• **DIRECTIONS FOR THIS TASK**
Go through the entries below and retype them exactly, omitting each picture.

Stored dataset items
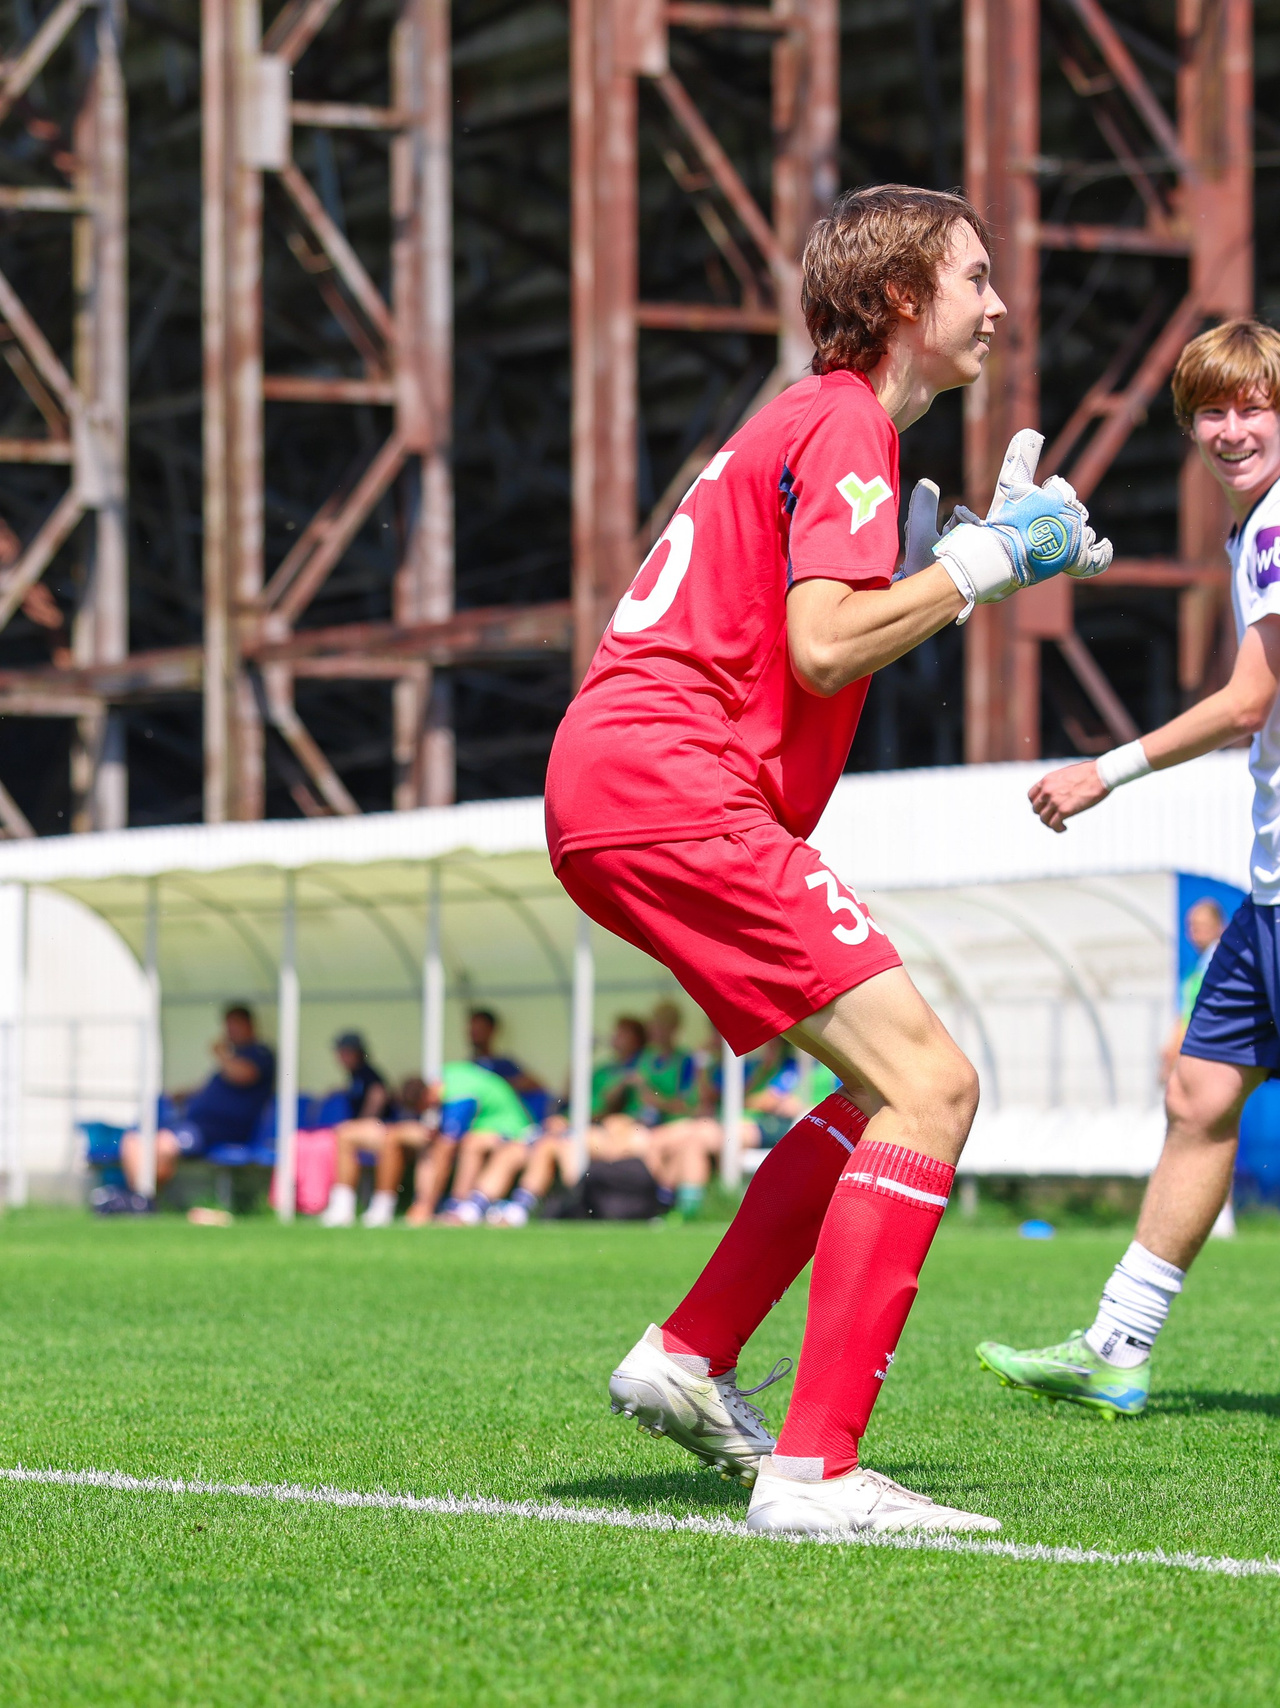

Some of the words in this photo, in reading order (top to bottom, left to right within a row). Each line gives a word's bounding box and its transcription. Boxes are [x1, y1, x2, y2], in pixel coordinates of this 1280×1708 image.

[610, 451, 735, 632] 5
[804, 869, 884, 945] 3
[838, 1172, 874, 1184] LME
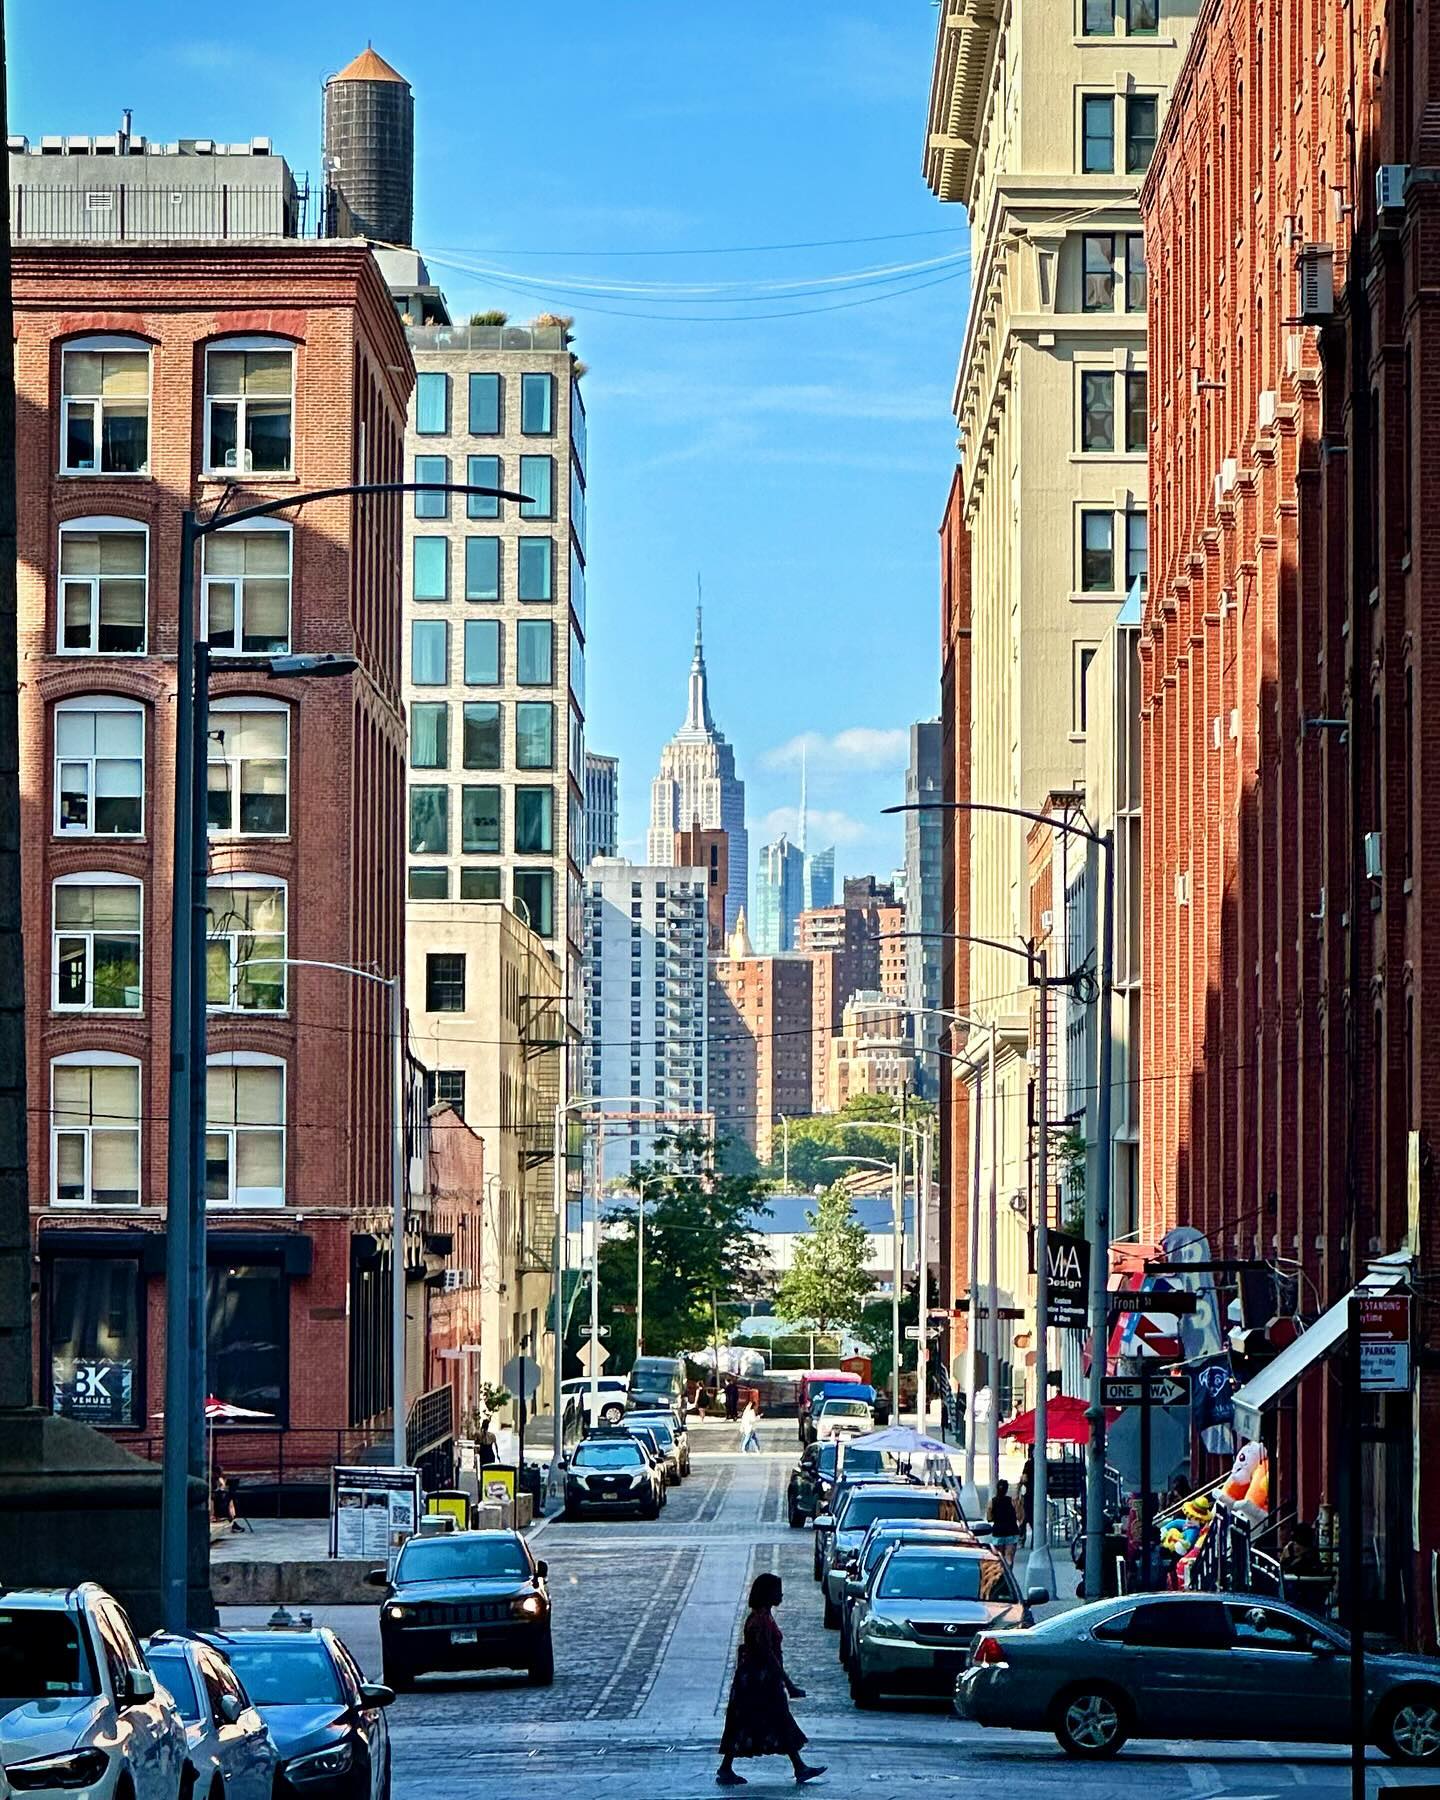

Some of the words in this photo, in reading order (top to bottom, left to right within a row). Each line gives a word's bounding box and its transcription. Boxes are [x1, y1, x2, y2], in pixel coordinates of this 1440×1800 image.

• **WRITTEN RESPONSE**
Some of the words in this photo, in reading order (top to bottom, left to right within a row). Each line gives a word's bounding box and its transcription. Boxes are [x1, y1, x2, y2], in pixel coordinates of this 1280×1708 image.

[610, 451, 735, 632] 5
[804, 869, 884, 945] 3
[838, 1172, 874, 1184] LME

Some of the words in this photo, in reading order (top to bottom, left to right within a row). Each line gives a word's bounding box and its transcription. Boxes are [x1, y1, x2, y2], in pixel coordinates of this 1440×1800 image.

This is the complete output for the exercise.